At the age of 37, Daniel met 16-year-old Martha Dandridge at St. Peter's Church in New Kent, Virginia, in New Kent County, Virginia, near Talleysville, Virginia, where he served as a vestryman and she attended services regularly. The pair soon formed a romantic relationship; Custis initially opposed Daniel being together with Martha due to her family's relatively poor financial status, though he ultimately relented. (Note: When Custis heard about the proposal, he initially threatened to disinherit his son if he went through with the marriage. He eventually changed his mind after Martha arranged a meeting with him, with Custis concluding that she was "beautifull & sweet temper'd".) The couple eventually married on May 15, 1750, after a prolonged courtship which lasted roughly two years.

Over the last decades of his life, Custis grew increasingly sick, to the point where he was removed from the Governor's Council on August 26, 1749, after being too impaired to serve his duties properly. (Note: Prior to his death, Custis had suffered several medical issues since the 1710s. These included headaches, photophobia, arthralgia and yaws, the last of which he had contracted from his slaves.) He also started to write his last will and testament, completing it by November 14, 1749, and dying on November 22 in Williamsburg. Custis' body was, per his own last will, buried near Cheapside, Virginia, in the Custis Tombs, the familial cemetery of the Arlington plantation.

As he was the sole legitimate heir, Custis willed that his plantations would pass into Daniel's possession; this included the White House, where he and Martha moved to after their marriage. Custis also instructed Daniel to arrange for the following phrase to be inscribed on his gravestone: "Yet lived but Seven years which was the Space of time he kept a Batchelors House at Arlington on the Eastern Shoar of Virginia." George Washington Parke Custis claimed that the inscription was meant to "perpetuate [the] infelicity" of his troubled marriage.

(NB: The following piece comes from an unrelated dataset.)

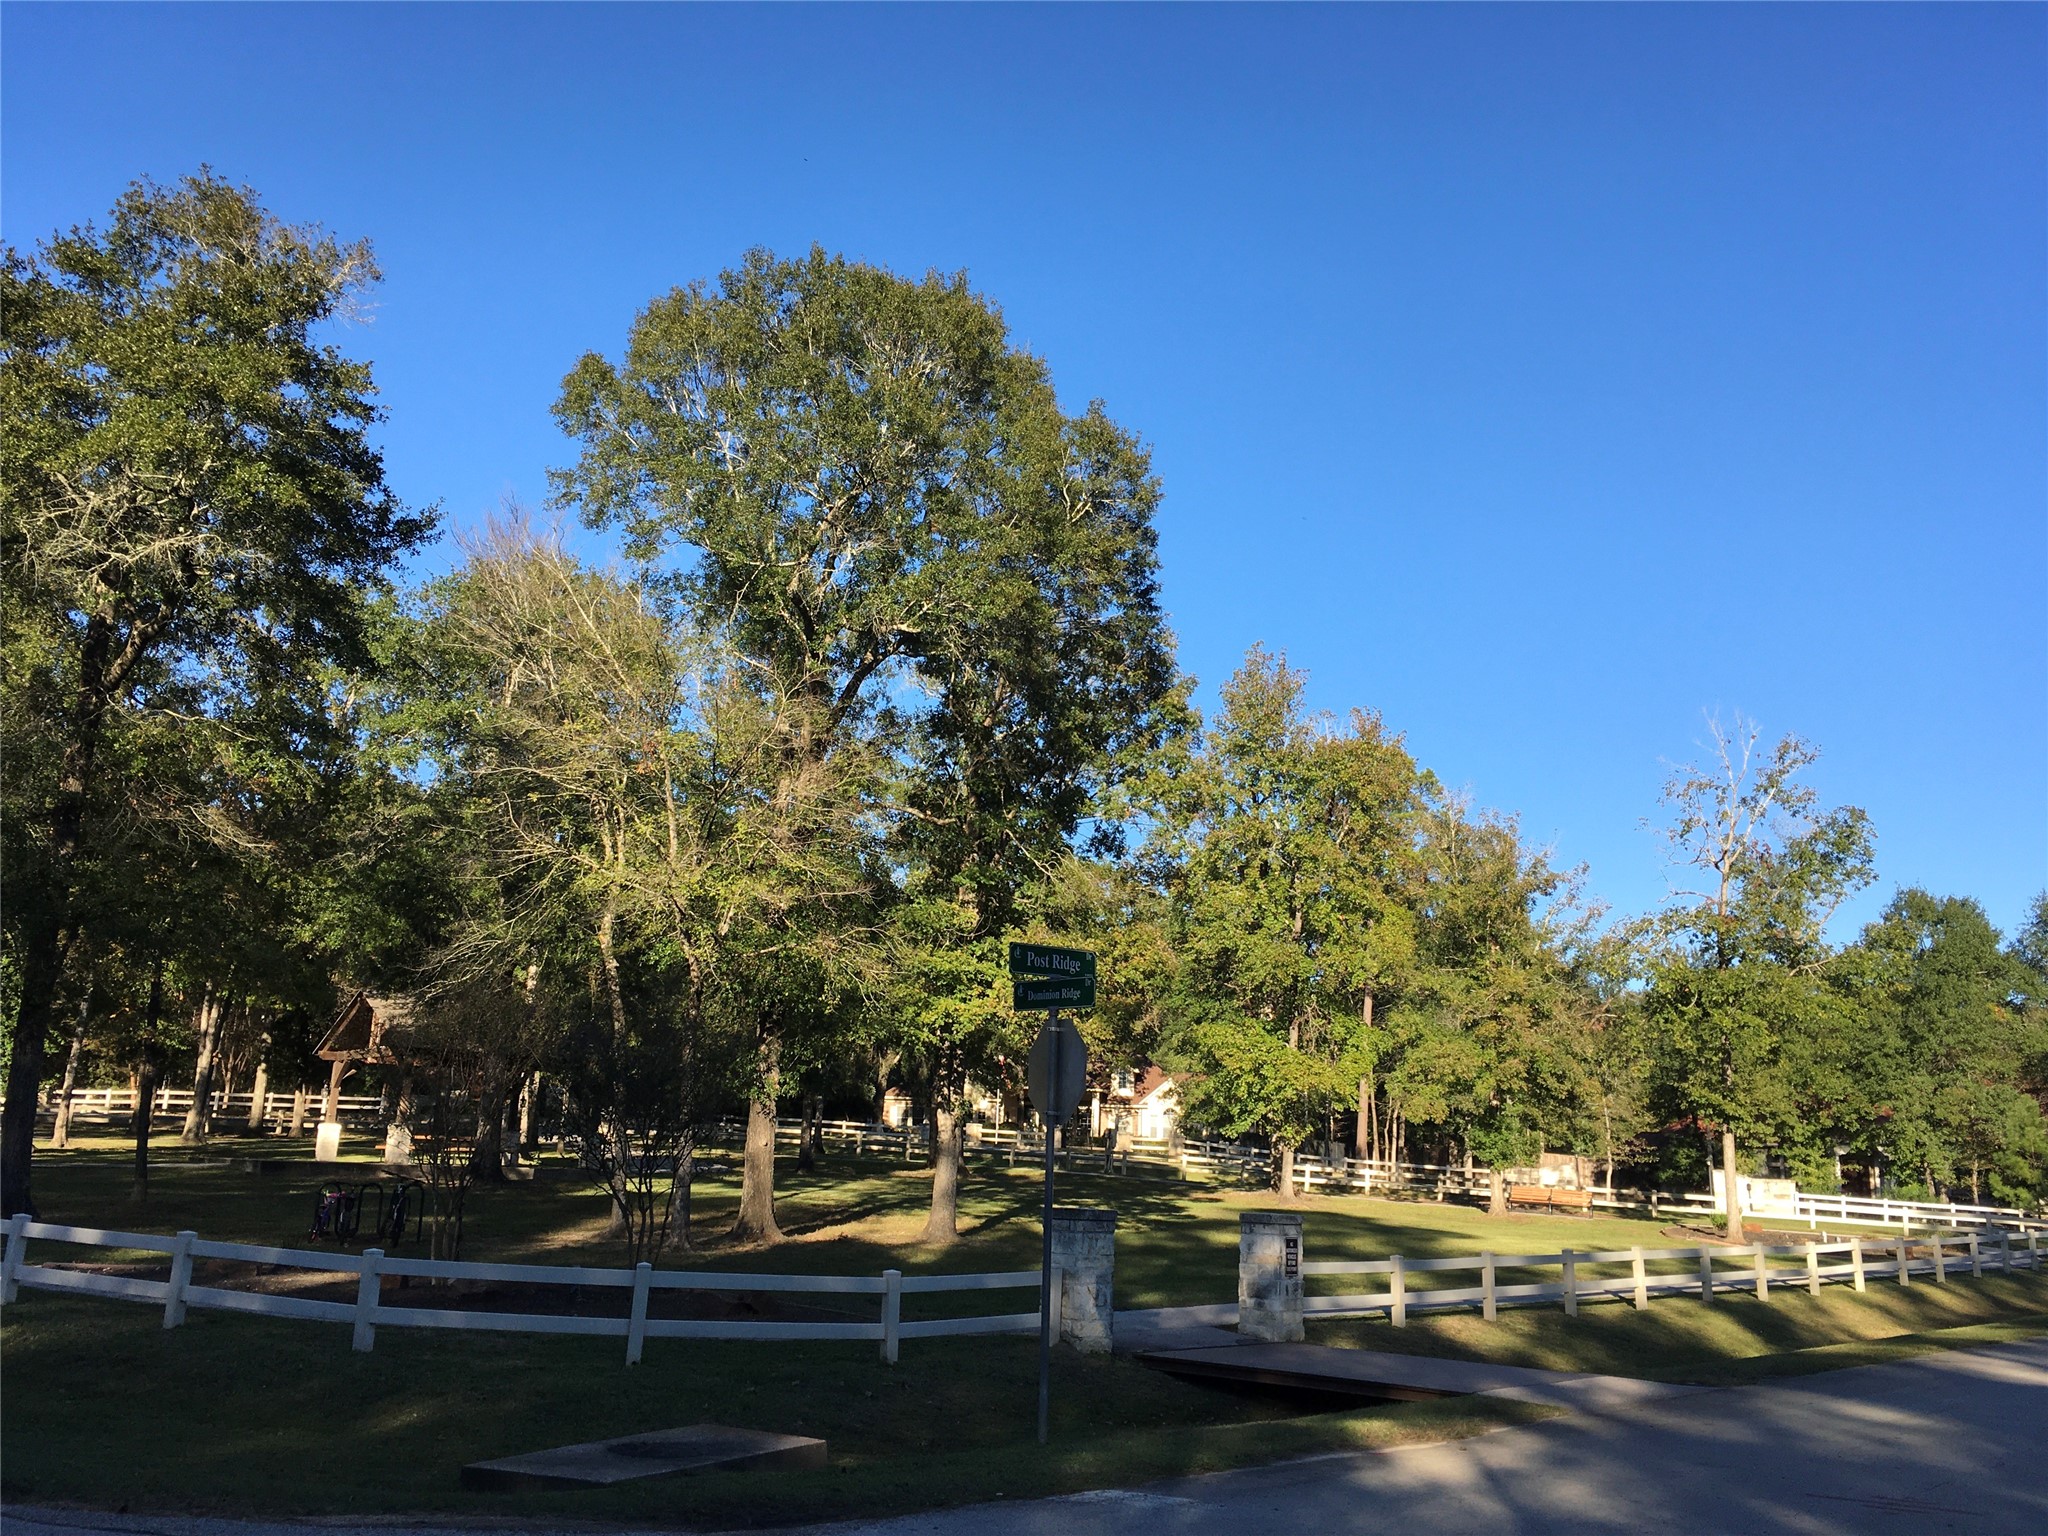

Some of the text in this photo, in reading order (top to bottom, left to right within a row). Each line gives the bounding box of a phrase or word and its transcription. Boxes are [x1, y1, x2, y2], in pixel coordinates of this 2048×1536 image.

[1027, 951, 1049, 968] Post
[1052, 954, 1081, 974] Ridge
[1028, 988, 1060, 1001] Dominion
[1061, 987, 1081, 1001] Ridge

==Personal life, family and legacy==
Over the course of his marriage, "held together less by love than land and inheritance", Custis had four children with Frances. Two of his sons died young, while a daughter, Frances, married but died childless before November 1749 without producing any children of her own; Daniel was their sole son to reach adulthood. Both of Custis' children who died young were buried at the Custis Tombs. When Daniel died on July 8, 1757, at New Kent County (most likely due to a sudden heart attack), he was buried in the parish graveyard of the Bruton Parish Church in Williamsburg.

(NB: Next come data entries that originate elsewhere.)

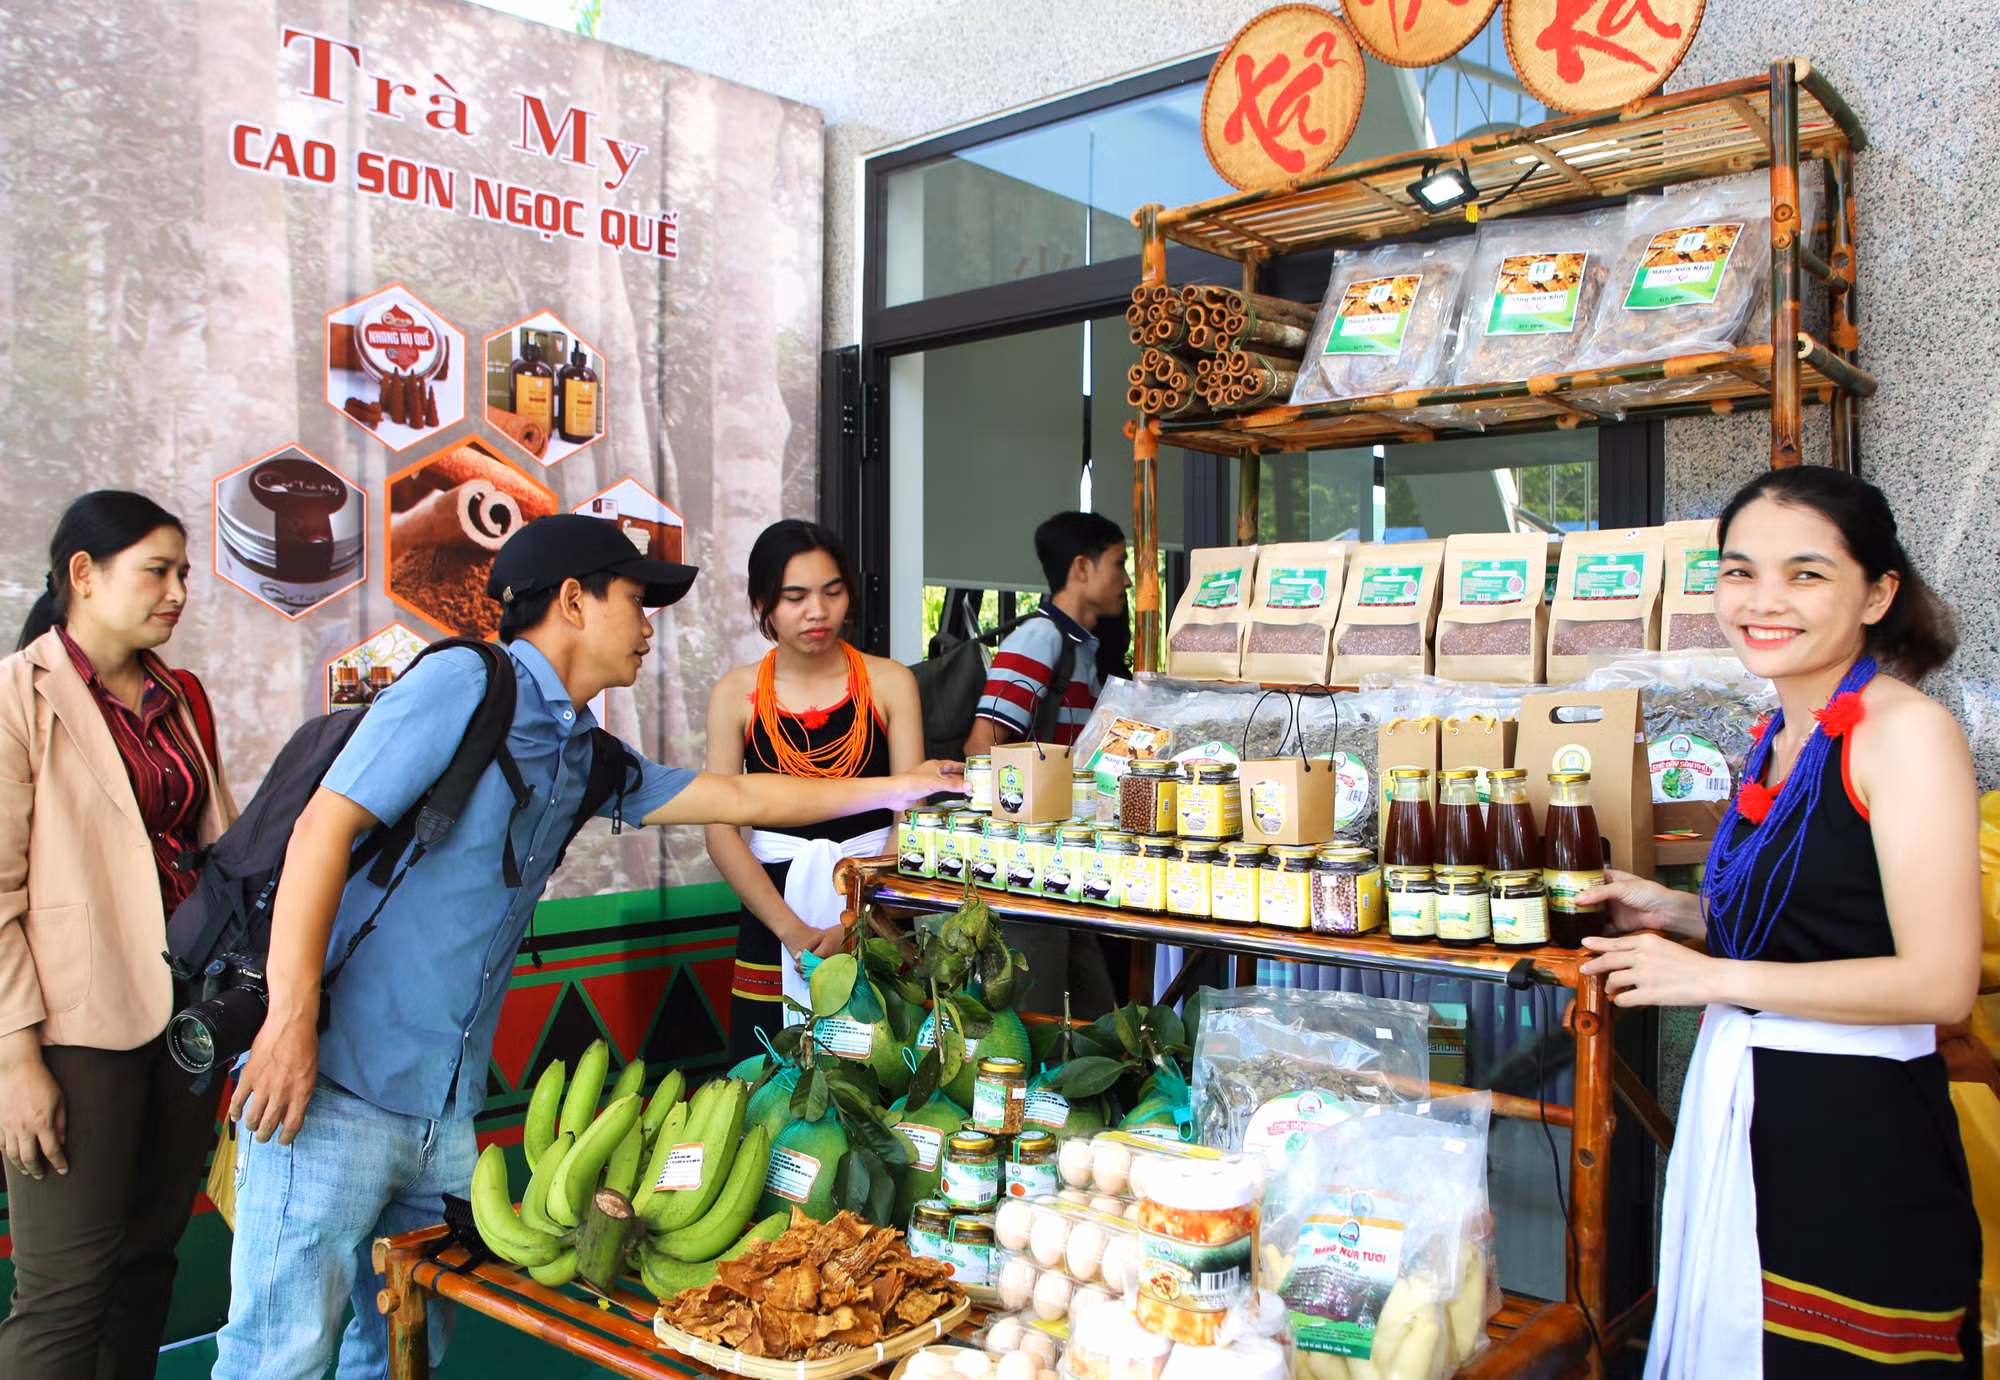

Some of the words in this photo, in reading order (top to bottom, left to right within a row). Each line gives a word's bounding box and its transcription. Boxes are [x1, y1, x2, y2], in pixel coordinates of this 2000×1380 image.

[282, 28, 476, 137] Trà
[511, 90, 647, 191] My
[232, 124, 336, 184] CAO
[357, 151, 455, 210] SƠN
[474, 178, 586, 241] NGỌC
[600, 208, 680, 259] QUẾ
[368, 330, 400, 345] NHANG
[241, 968, 262, 980] Canon

Though Custis married his wife in part due to her wealth, the extensive debts that her father accrued during his lifetime were transferred to his daughter after he was lynched by a mob in Antigua on December 7, 1710. These debts proved to be larger than Parke's estate, forcing Custis and Daniel to spend large amounts of effort contesting them. Custis later wrote that he considered his pre-marital life at Arlington to be the happiest years of his life, and Custis' "prickly personality and frigid marriage" with Frances would "[generate] gossip that came down through the centuries".

In addition to his horticultural activities, Custis also eventually cultivated an interest in art collecting. In 1723, he wrote a letter to his friend William Byrd II, who was on a visit to London at the time, requesting that he acquire "two pieces of as good painting as you can procure", which Custis intended on placing "in the Summer before my chimneys to hide the fireplace." Two years later in 1725, Custis commissioned English painter Charles Bridges to paint a portrait of him, which as of 2008 resides in an art collection in the Washington and Lee University in Lexington, Virginia.

After inheriting his plantations, Daniel quietly settled down in Virginia as a member of the colonial plantocracy. Together with Martha, he had four children, though only two survived past childhood, a son named John and a daughter named Martha. The shock of losing two of his children was speculated by George Washington Parke Custis to have contributed to Daniel's early death in 1757 at the age of forty-five. Martha married George Washington, a prominent planter and soldier who would go on to lead the Continental Army in the American Revolutionary War and become the 1st President of the United States.